The Troubleshooting Tales: issues scaling Postgres connections
By Harry MarrDec 20155 min read
After making some changes to our Postgres setup, we started noticing occasional errors coming from deep within ActiveRecord (Rails’ ORM). This post details the process we went through to determine the cause of the issue, and what we did to fix it.
First, it’s important to understand the changes we made to our Postgres setup. Postgres connections are relatively slow to establish (particularly when using SSL), and on a properly-tuned server they use a significant amount of memory. The amount of memory used limits the number of connections you can feasibly have open at once on a single server, and the slow establishment encourages clients to maintain long-lived connections. Due to these constraints, we recently hit the limit of connections our server could handle, preventing us from spinning up more application servers. To get around this problem, the common advice is to use connection pooling software such as PgBouncer to share a small number of Postgres connections between a larger number of client (application) connections.

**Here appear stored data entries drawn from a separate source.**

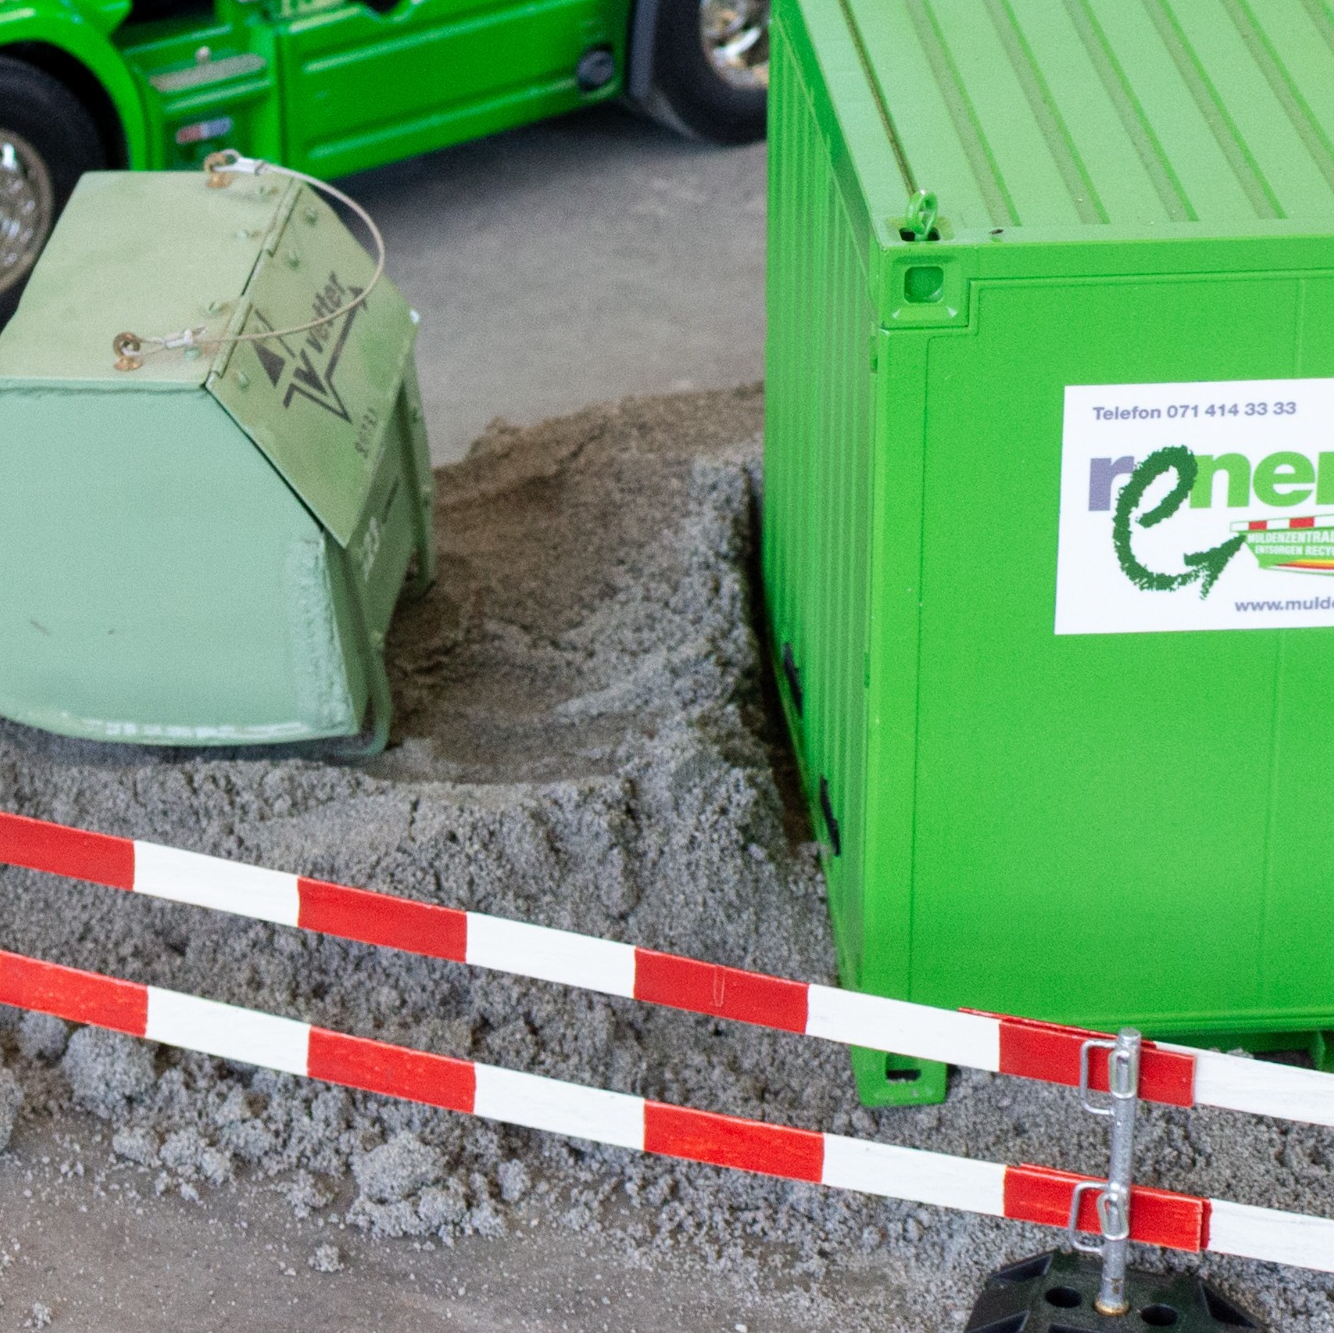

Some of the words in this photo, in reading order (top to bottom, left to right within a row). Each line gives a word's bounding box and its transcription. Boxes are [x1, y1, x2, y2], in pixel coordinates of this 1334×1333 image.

[1092, 405, 1162, 421] Telefon
[1166, 404, 1200, 419] 071
[1204, 403, 1240, 417] 414
[1244, 402, 1268, 416] 33
[1272, 401, 1297, 415] 33
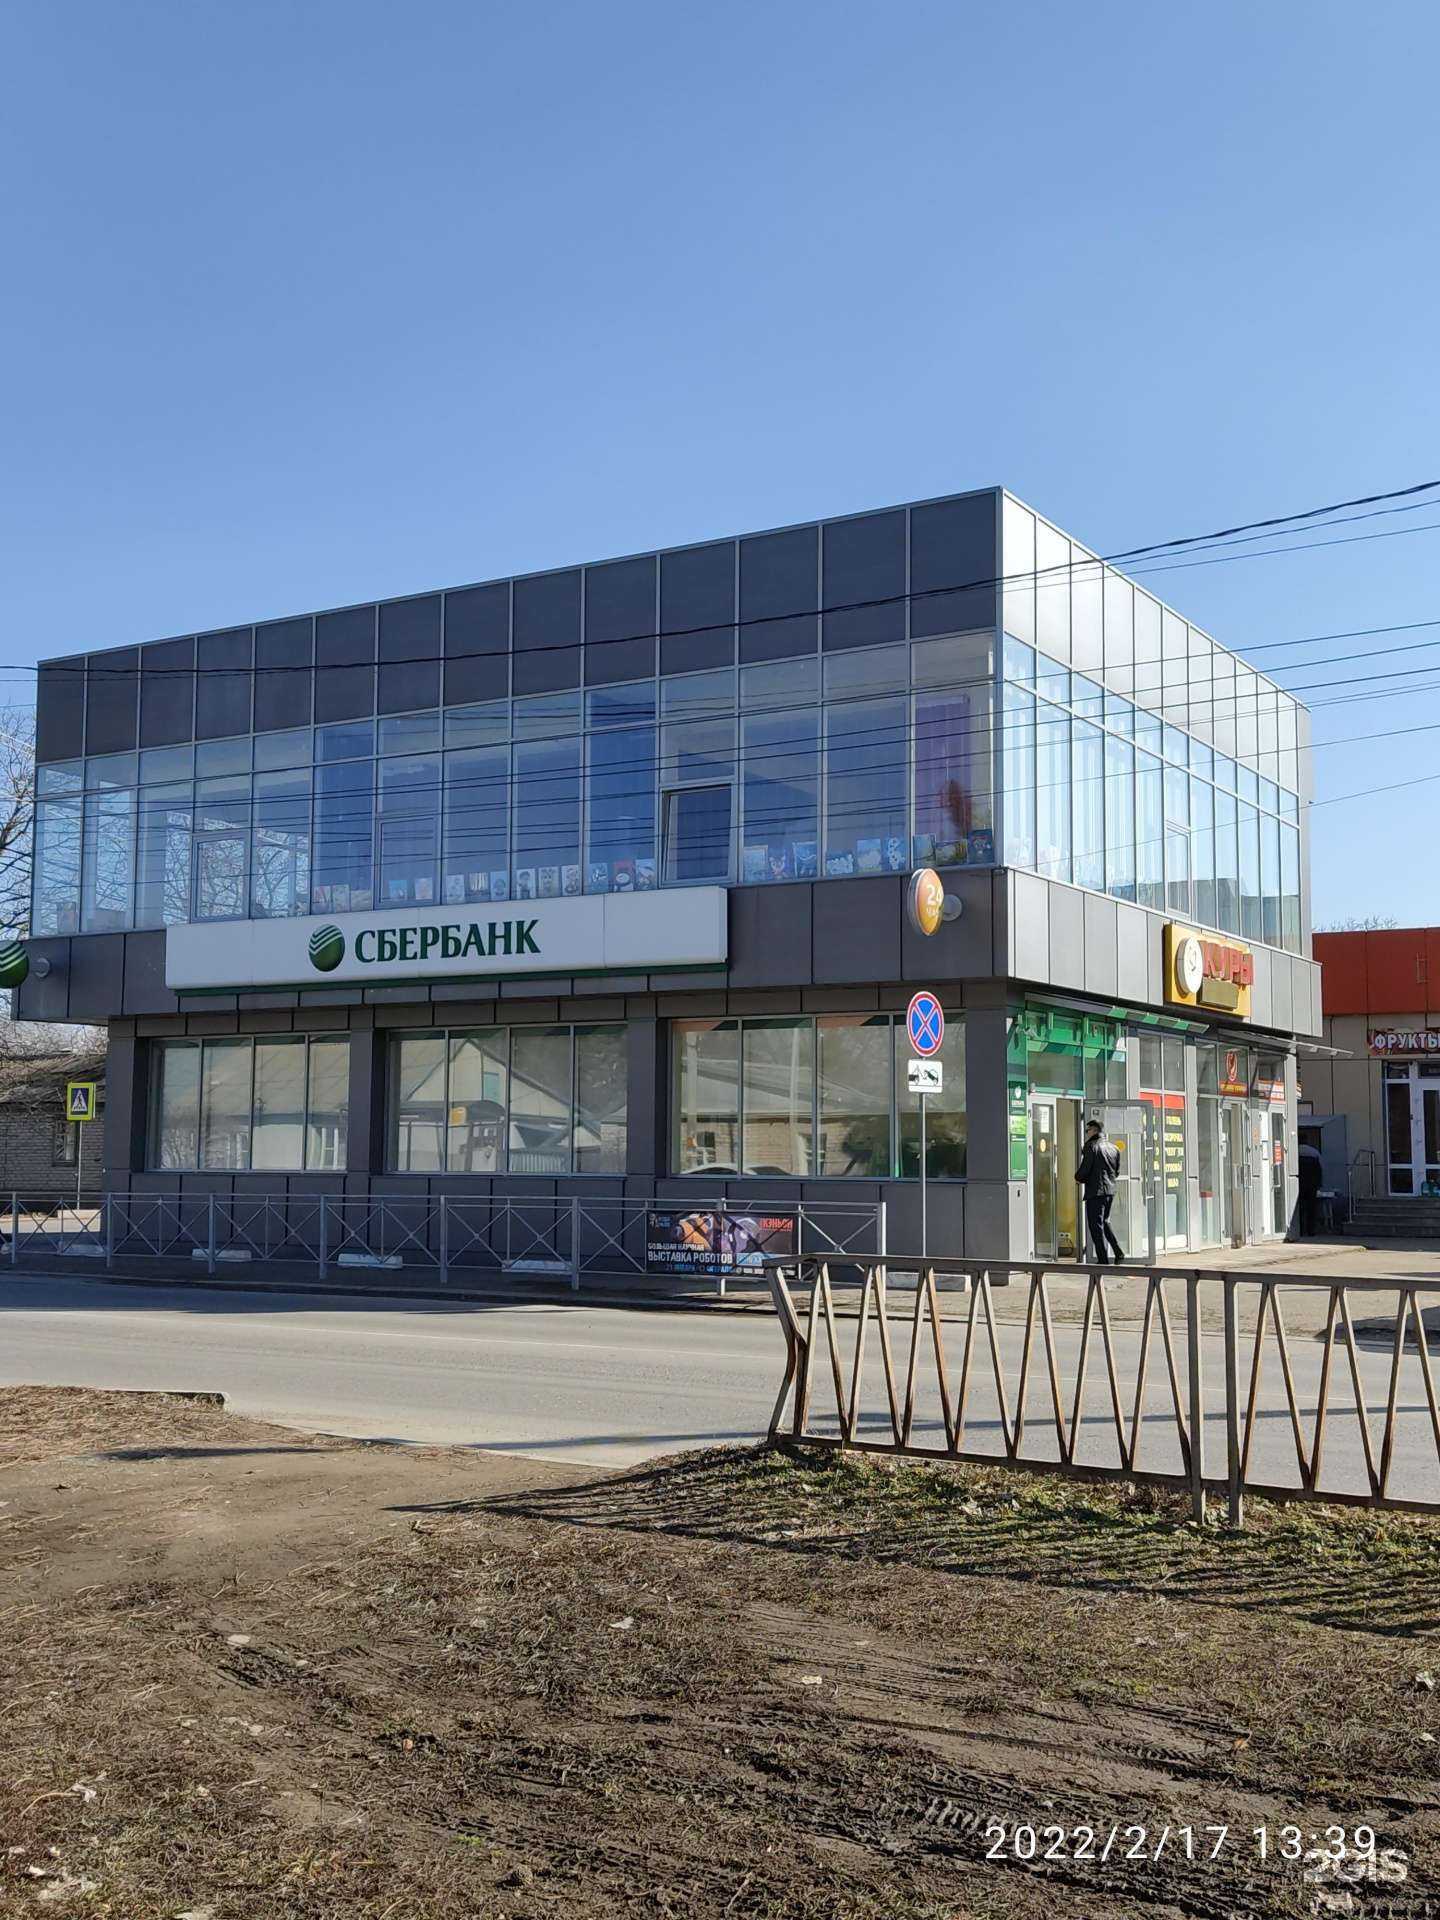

When we first deployed PgBouncer, we were running it in “session pooling” mode, which assigns a dedicated Postgres server connection to each connected client. However, with this setup, if you have a large number of idle clients connected to PgBouncer you’ll have to maintain an equal number of (expensive) idle connections on your Postgres server. To combat this, there is an alternative mode: “transaction pooling”, which only uses a Postgres server connection for the duration of each transaction. The downside of transaction pooling is that you can’t use any session-level features (e.g. prepared statements, session-level advisory locks). After combing through our apps to remove all usages of session-level features, we enabled transaction pooling.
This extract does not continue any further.